● Source information:
++++++
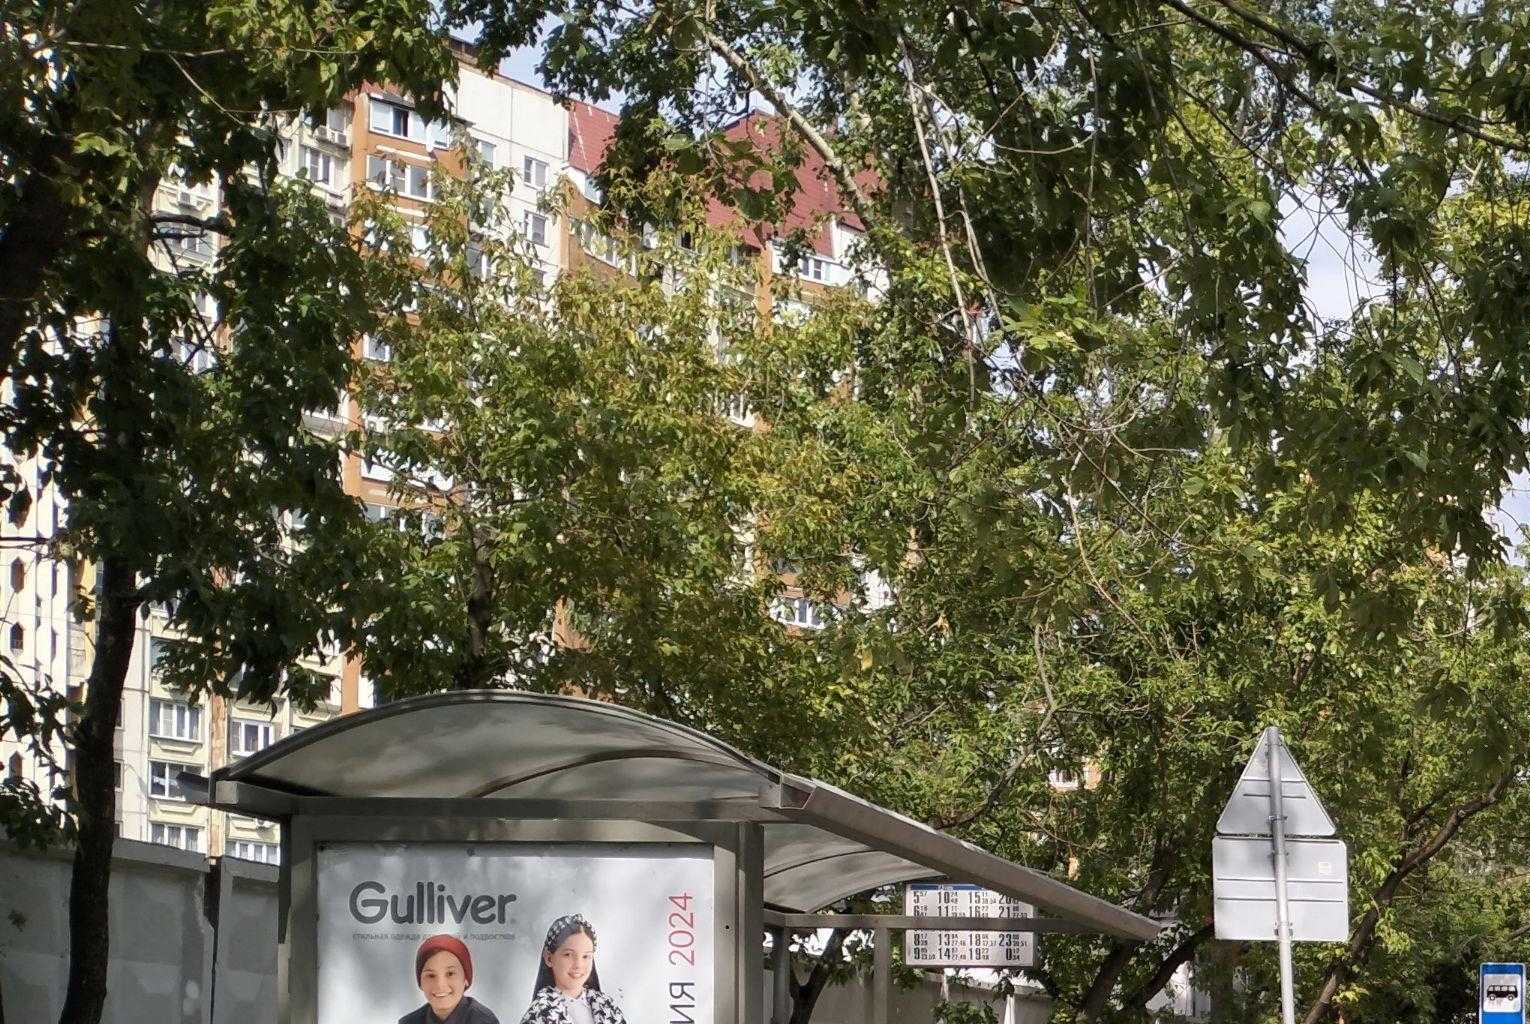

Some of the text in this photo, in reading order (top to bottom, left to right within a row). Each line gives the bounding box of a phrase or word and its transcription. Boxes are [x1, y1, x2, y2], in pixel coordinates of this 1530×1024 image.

[349, 881, 517, 924] Gulliver
[668, 892, 695, 967] 2024
[999, 934, 1012, 946] 23
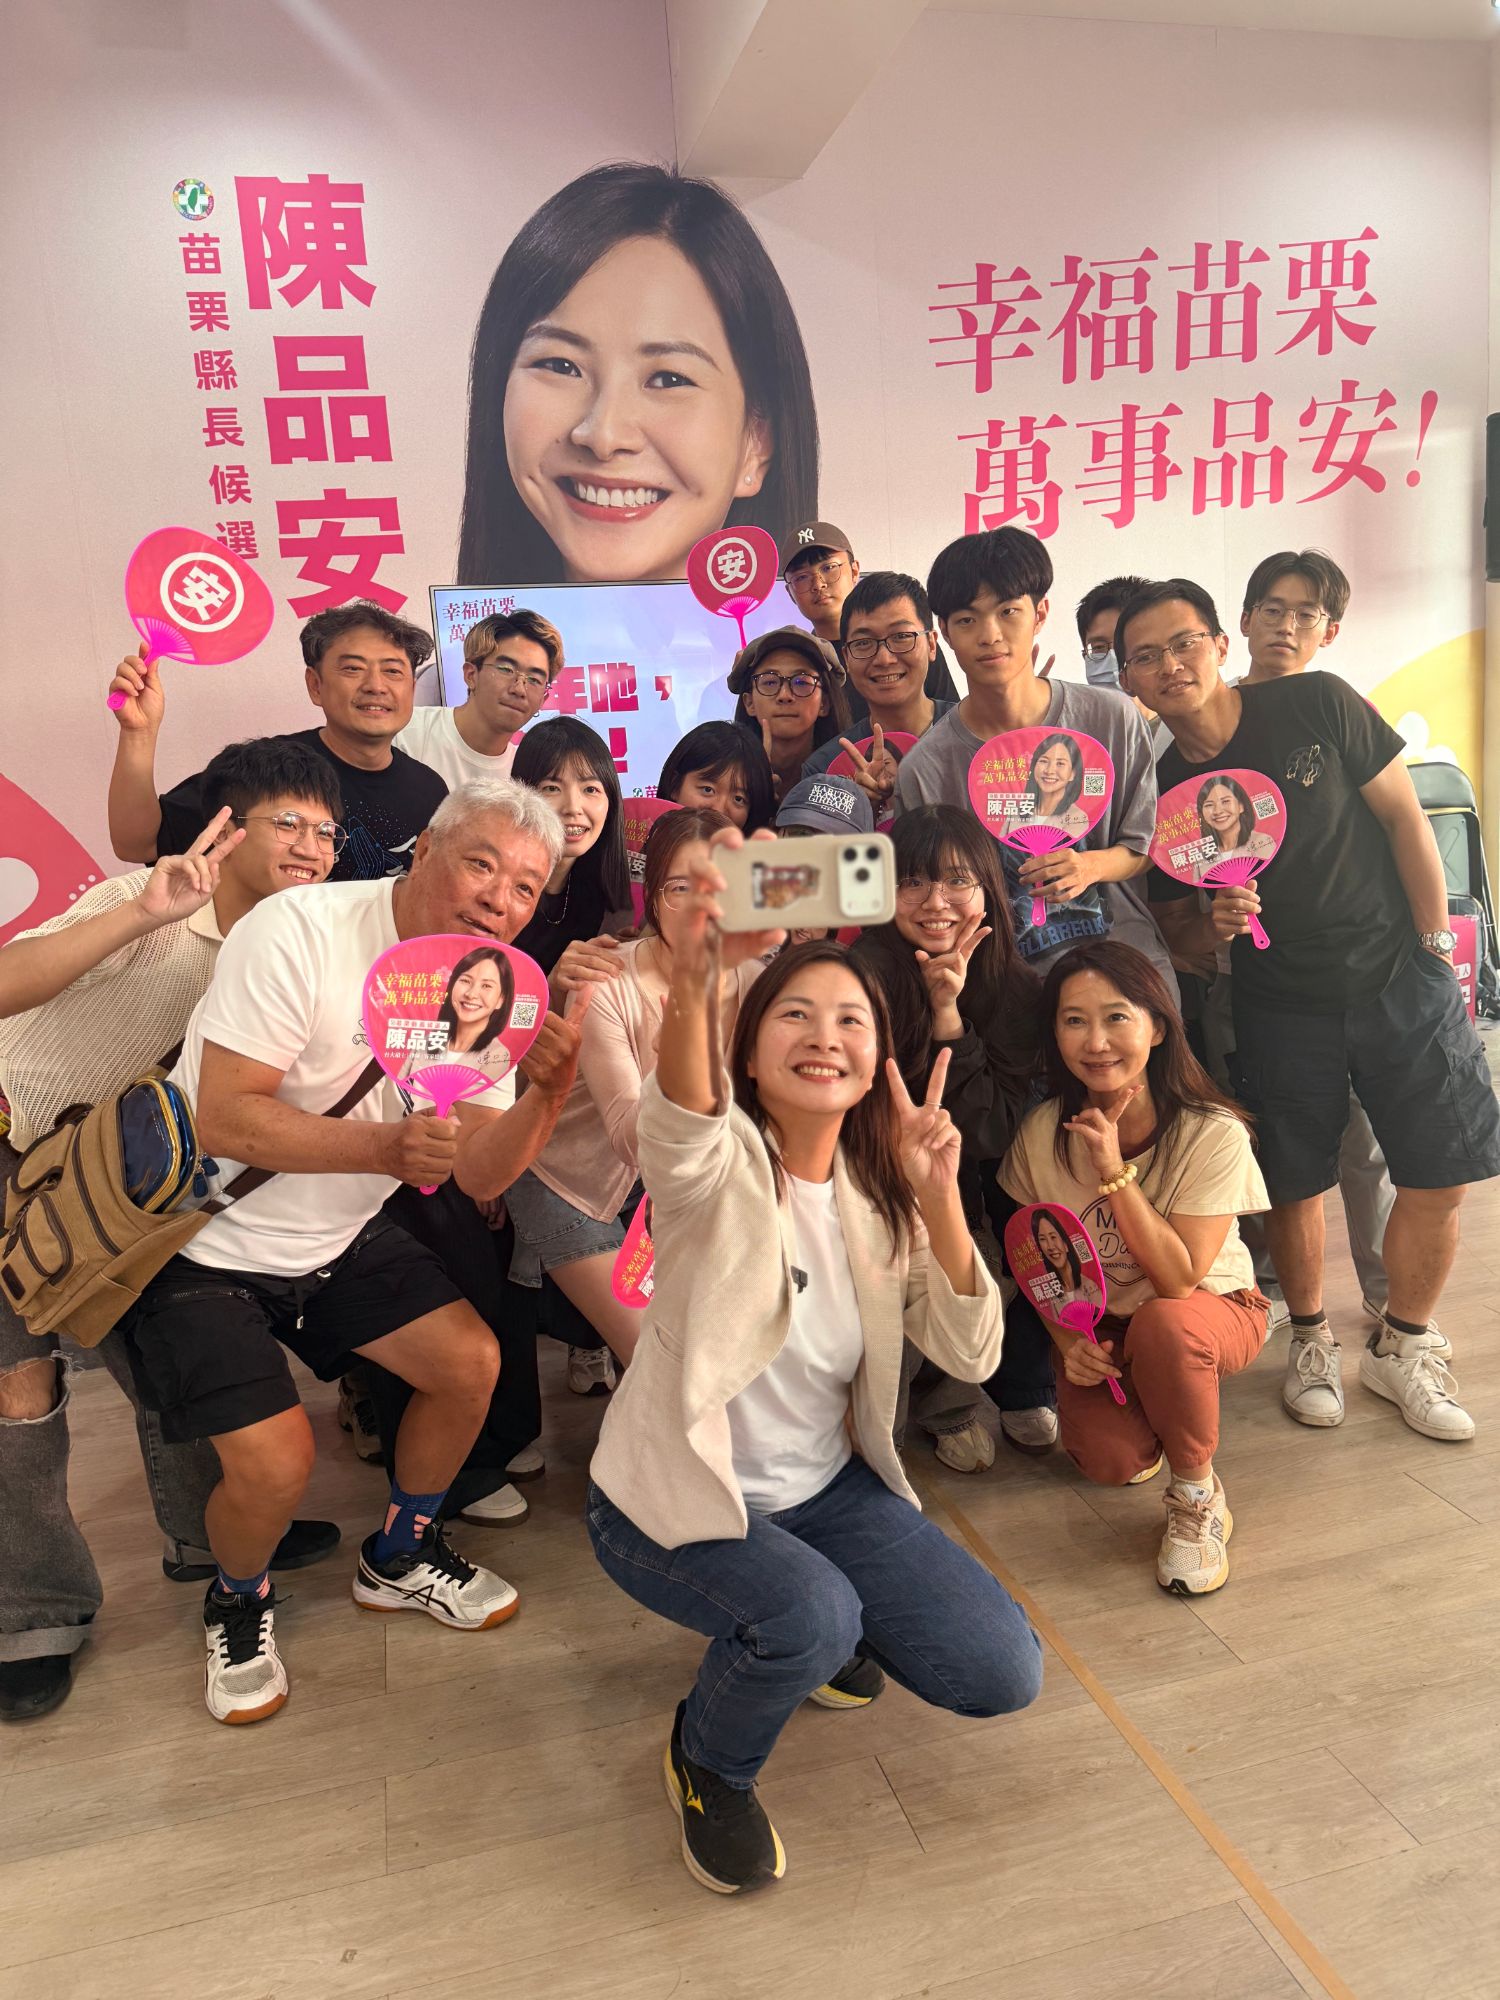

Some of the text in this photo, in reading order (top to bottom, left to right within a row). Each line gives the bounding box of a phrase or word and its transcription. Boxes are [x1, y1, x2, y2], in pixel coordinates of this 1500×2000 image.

[929, 226, 1378, 393] 幸福苗栗
[179, 232, 259, 560] 苗栗縣長候選
[234, 174, 408, 618] 陳品安
[957, 379, 1438, 540] 萬事品安!
[717, 549, 747, 584] 安
[173, 566, 230, 621] 安
[442, 595, 515, 621] 幸福苗栗
[448, 622, 477, 643] 萬
[987, 800, 1035, 816] 陳品安
[1170, 842, 1219, 869] 陳品安
[384, 972, 443, 988] 幸福苗栗
[383, 991, 449, 1006] 萬事品安!
[386, 1028, 449, 1051] 陳品安
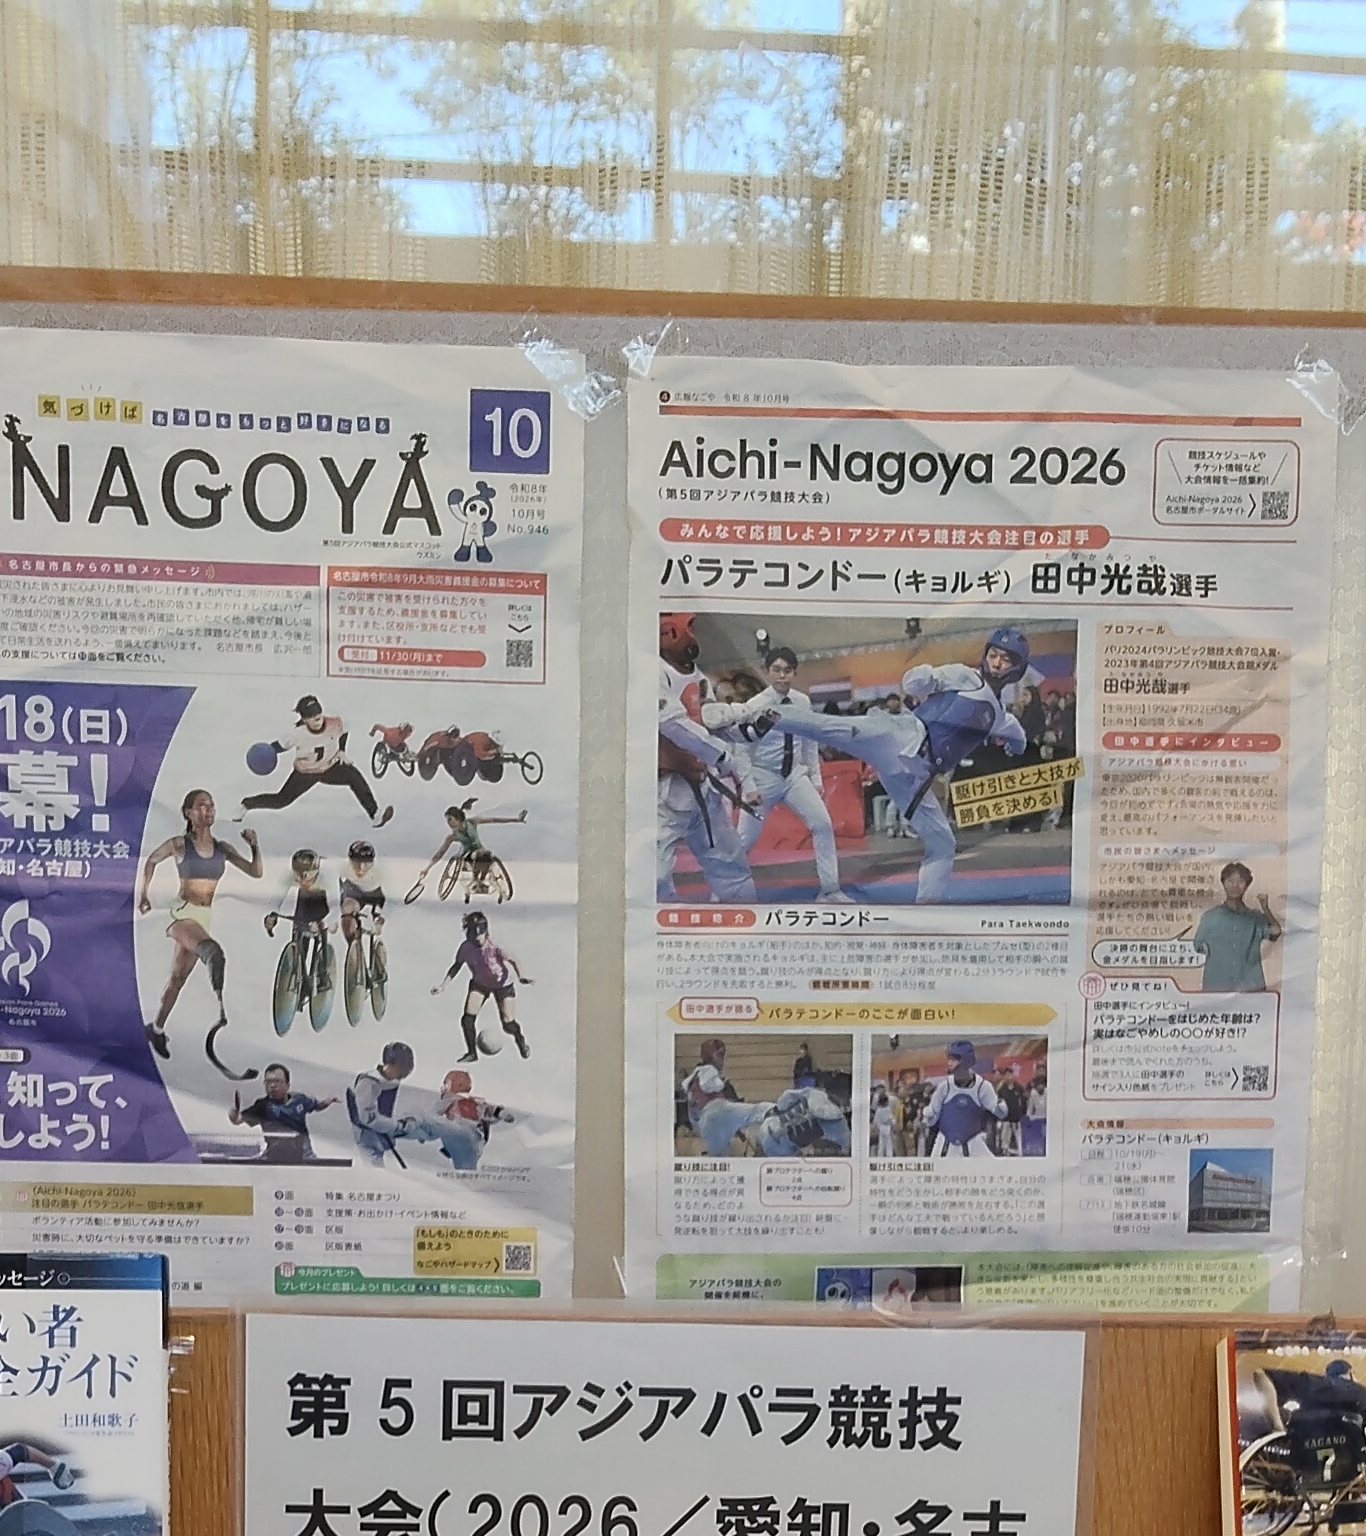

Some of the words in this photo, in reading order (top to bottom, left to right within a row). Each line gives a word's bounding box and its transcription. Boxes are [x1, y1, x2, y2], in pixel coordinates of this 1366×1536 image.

[484, 406, 542, 459] 10
[3, 428, 443, 539] NAGOYA
[658, 436, 994, 496] Aichi-Nagoya
[1009, 445, 1126, 488] 2026
[1031, 561, 1219, 599] 田中光哉選手
[954, 760, 1081, 801] 駆け引きと大技が
[765, 910, 890, 928] パラテコンドー
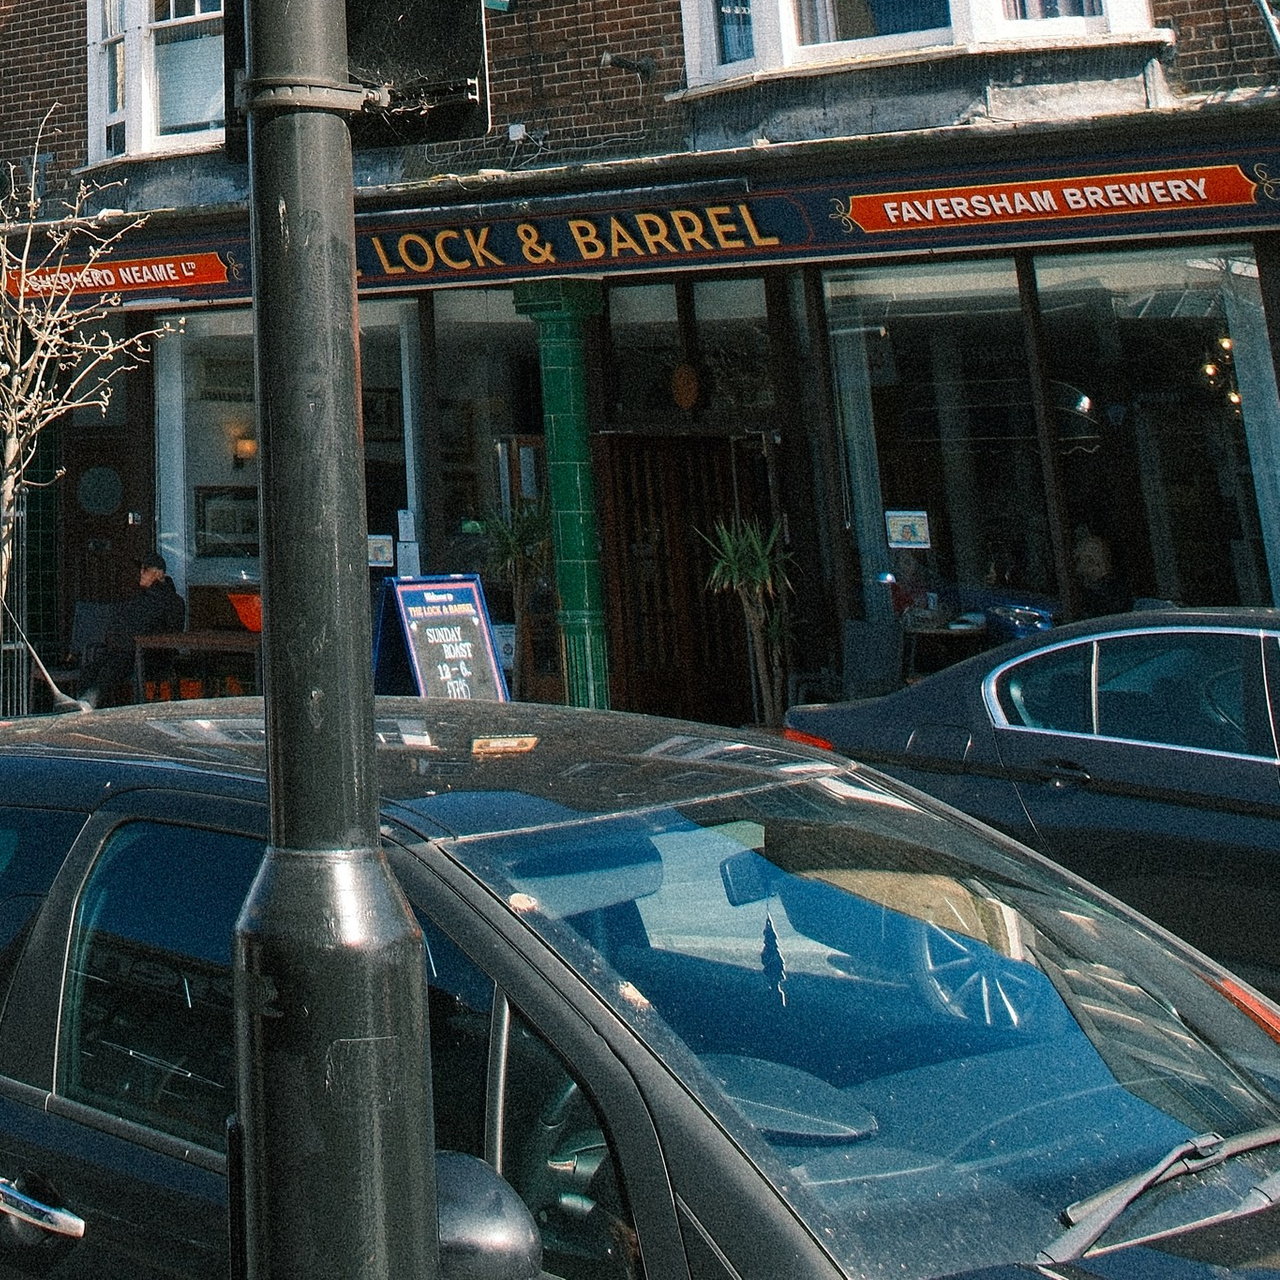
++++++
● Work instructions: Return every line above exactly, omitting images.

● Output for this exercise:
Some of the text in this photo, in reading order (top to bottom, left to right within a row). Each line gives the bounding box of a phrase or word and its transcription. Boxes are [x1, y1, x2, y2], in pixel coordinates of this 1530×1024 image.

[349, 881, 517, 924] Gulliver
[668, 892, 695, 967] 2024
[999, 934, 1012, 946] 23

Some of the text in this photo, in reading order (top to bottom, left to right within a row). Each line gives the bounding box of a phrase or word and its transcription. Boxes are [x1, y1, x2, y2], in pixel coordinates of this 1500×2000 image.

[929, 226, 1378, 393] 幸福苗栗
[179, 232, 259, 560] 苗栗縣長候選
[234, 174, 408, 618] 陳品安
[957, 379, 1438, 540] 萬事品安!
[717, 549, 747, 584] 安
[173, 566, 230, 621] 安
[442, 595, 515, 621] 幸福苗栗
[448, 622, 477, 643] 萬
[987, 800, 1035, 816] 陳品安
[1170, 842, 1219, 869] 陳品安
[384, 972, 443, 988] 幸福苗栗
[383, 991, 449, 1006] 萬事品安!
[386, 1028, 449, 1051] 陳品安

Some of the words in this photo, in reading order (top to bottom, left to right within a row). Each line gives a word's bounding box and its transcription. Boxes are [x1, y1, x2, y2], in pixel coordinates of this 1366×1536 image.

[484, 406, 542, 459] 10
[3, 428, 443, 539] NAGOYA
[658, 436, 994, 496] Aichi-Nagoya
[1009, 445, 1126, 488] 2026
[1031, 561, 1219, 599] 田中光哉選手
[954, 760, 1081, 801] 駆け引きと大技が
[765, 910, 890, 928] パラテコンドー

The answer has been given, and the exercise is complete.